WHAT IS NEEDED:
Starting from the line that contains "this 1250×1875 image.", give back every line through the end of the listing exactly as written and no other line.
***** EXERCISE DATA *****
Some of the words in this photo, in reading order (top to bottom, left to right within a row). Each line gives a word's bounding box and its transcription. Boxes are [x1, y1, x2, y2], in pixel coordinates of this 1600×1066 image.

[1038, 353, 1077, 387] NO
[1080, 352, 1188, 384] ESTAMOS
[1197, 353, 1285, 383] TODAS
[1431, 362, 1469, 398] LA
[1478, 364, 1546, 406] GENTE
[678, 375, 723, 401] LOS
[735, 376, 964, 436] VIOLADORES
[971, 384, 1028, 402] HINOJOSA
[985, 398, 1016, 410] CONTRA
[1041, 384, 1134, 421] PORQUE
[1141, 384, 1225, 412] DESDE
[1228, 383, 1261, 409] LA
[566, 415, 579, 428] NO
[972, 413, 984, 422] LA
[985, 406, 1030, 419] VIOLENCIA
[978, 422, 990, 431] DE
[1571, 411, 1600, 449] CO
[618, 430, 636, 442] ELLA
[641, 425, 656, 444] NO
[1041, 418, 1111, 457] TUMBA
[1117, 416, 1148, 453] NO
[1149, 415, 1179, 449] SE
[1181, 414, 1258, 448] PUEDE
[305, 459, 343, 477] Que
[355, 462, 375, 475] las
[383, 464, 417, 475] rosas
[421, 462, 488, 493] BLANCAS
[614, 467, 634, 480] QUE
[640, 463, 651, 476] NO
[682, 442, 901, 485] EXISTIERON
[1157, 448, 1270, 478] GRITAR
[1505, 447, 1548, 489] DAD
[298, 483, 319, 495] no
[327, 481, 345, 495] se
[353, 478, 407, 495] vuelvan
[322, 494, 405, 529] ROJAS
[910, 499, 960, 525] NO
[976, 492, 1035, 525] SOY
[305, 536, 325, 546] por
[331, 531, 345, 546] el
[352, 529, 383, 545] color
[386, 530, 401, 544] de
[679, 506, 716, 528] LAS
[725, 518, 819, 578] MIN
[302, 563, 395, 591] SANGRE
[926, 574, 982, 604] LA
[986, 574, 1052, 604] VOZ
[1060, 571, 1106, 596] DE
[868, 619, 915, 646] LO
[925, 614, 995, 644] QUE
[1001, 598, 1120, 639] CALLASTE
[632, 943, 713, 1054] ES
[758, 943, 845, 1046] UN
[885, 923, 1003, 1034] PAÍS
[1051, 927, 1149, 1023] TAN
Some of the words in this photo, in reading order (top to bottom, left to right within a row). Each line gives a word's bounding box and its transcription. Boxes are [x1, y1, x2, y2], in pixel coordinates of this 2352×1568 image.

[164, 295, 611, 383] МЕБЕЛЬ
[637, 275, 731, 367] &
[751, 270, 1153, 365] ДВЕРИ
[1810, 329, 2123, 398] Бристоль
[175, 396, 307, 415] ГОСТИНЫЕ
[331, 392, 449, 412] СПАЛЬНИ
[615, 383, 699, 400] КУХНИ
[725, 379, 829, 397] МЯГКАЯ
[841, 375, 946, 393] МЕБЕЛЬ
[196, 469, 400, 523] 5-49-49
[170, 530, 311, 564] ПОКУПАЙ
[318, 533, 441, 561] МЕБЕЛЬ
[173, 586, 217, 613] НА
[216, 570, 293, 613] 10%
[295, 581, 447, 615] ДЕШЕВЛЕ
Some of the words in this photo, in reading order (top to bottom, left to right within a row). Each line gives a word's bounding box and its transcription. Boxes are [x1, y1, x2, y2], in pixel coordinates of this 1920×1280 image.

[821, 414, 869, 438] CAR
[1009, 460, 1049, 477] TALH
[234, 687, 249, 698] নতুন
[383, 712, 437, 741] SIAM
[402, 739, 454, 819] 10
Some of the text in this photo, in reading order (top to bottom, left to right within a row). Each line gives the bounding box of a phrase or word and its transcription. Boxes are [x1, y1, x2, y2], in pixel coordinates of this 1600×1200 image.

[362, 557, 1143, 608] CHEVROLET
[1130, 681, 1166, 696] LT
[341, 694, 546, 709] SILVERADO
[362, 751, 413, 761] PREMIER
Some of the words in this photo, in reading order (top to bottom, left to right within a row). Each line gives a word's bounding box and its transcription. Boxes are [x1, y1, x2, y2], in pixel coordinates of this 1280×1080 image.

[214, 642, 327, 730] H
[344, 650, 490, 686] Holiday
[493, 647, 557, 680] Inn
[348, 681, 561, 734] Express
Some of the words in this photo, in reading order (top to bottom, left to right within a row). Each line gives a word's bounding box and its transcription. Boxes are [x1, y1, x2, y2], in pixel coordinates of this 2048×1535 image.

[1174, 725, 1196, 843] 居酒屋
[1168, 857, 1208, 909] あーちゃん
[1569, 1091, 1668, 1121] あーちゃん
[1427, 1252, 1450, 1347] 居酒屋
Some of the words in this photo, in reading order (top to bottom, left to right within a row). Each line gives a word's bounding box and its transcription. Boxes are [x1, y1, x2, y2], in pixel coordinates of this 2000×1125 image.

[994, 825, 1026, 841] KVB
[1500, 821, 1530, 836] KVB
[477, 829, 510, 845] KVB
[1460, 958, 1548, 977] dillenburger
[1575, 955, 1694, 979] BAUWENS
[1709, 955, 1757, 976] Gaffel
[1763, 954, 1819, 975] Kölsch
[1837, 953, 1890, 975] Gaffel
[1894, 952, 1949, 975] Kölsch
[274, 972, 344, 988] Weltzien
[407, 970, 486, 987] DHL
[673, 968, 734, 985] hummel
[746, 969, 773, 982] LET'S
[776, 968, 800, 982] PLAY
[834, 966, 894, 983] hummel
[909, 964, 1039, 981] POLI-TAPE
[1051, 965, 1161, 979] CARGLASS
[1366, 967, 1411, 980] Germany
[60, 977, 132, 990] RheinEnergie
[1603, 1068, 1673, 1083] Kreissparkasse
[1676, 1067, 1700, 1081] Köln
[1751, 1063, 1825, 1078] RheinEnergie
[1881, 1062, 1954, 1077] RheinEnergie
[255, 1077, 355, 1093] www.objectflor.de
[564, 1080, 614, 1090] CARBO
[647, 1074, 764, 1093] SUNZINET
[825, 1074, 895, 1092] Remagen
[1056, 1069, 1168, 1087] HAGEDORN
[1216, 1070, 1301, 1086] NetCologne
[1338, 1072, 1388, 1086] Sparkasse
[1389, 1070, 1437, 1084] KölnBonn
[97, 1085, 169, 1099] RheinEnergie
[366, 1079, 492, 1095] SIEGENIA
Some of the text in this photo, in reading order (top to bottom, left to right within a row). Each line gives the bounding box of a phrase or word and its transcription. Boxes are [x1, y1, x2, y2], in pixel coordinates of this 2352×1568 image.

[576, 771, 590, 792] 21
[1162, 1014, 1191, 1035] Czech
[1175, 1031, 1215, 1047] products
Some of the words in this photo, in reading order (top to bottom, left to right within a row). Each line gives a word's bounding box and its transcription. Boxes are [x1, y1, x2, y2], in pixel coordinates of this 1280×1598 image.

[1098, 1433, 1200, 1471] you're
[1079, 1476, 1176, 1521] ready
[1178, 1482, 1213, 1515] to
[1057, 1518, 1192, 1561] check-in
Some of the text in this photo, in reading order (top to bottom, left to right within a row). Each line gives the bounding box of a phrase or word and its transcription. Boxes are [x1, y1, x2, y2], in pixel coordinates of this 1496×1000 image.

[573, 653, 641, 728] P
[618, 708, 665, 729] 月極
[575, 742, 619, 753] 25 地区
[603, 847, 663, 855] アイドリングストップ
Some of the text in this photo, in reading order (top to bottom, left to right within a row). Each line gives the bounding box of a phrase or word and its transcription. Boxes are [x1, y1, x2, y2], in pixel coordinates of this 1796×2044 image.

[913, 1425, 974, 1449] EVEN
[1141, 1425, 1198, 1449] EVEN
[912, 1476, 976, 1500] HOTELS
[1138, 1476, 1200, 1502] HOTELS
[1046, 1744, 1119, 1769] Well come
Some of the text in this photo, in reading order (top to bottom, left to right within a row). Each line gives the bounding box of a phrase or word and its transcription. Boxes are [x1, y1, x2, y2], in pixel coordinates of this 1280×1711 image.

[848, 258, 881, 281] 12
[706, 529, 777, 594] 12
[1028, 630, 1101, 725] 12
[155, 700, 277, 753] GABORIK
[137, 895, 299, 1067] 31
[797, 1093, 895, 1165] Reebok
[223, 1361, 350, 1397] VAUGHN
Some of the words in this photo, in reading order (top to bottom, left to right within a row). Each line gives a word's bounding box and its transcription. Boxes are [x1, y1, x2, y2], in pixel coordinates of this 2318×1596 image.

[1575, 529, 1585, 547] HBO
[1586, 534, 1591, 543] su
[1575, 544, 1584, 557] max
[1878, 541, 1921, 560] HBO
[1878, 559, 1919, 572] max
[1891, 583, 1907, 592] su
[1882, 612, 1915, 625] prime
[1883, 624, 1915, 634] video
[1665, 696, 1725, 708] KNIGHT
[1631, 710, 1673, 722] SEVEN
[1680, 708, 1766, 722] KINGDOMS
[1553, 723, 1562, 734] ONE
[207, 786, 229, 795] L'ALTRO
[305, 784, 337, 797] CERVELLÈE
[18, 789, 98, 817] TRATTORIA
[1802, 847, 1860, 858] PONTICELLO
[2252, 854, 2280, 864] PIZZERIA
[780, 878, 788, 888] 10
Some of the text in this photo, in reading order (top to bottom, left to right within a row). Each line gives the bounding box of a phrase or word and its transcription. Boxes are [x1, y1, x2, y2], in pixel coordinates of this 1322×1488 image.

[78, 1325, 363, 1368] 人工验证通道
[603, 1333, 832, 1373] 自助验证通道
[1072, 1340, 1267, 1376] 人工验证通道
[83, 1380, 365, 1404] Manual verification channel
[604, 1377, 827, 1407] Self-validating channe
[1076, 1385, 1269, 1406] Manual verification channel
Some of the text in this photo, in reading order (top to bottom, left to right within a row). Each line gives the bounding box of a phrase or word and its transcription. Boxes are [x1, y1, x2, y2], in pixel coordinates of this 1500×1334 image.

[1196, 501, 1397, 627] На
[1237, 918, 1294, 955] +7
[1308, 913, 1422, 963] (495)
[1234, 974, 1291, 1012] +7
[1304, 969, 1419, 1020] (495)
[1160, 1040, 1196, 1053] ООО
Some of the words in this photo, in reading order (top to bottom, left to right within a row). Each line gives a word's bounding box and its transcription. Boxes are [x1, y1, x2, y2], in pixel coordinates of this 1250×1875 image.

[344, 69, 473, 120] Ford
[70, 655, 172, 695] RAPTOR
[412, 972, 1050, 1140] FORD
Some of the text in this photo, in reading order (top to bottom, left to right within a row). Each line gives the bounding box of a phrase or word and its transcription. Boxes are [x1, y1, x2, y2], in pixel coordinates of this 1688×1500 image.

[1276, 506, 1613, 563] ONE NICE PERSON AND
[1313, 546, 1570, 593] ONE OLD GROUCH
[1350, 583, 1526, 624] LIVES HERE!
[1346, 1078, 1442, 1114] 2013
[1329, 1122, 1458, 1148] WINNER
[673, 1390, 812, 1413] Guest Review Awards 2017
*****
EXPECTED ANSWER:
Some of the words in this photo, in reading order (top to bottom, left to right within a row). Each line gives a word's bounding box and its transcription. Boxes are [x1, y1, x2, y2], in pixel coordinates of this 1250×1875 image.

[344, 69, 473, 120] Ford
[70, 655, 172, 695] RAPTOR
[412, 972, 1050, 1140] FORD
Some of the text in this photo, in reading order (top to bottom, left to right within a row). Each line gives the bounding box of a phrase or word and its transcription. Boxes are [x1, y1, x2, y2], in pixel coordinates of this 1688×1500 image.

[1276, 506, 1613, 563] ONE NICE PERSON AND
[1313, 546, 1570, 593] ONE OLD GROUCH
[1350, 583, 1526, 624] LIVES HERE!
[1346, 1078, 1442, 1114] 2013
[1329, 1122, 1458, 1148] WINNER
[673, 1390, 812, 1413] Guest Review Awards 2017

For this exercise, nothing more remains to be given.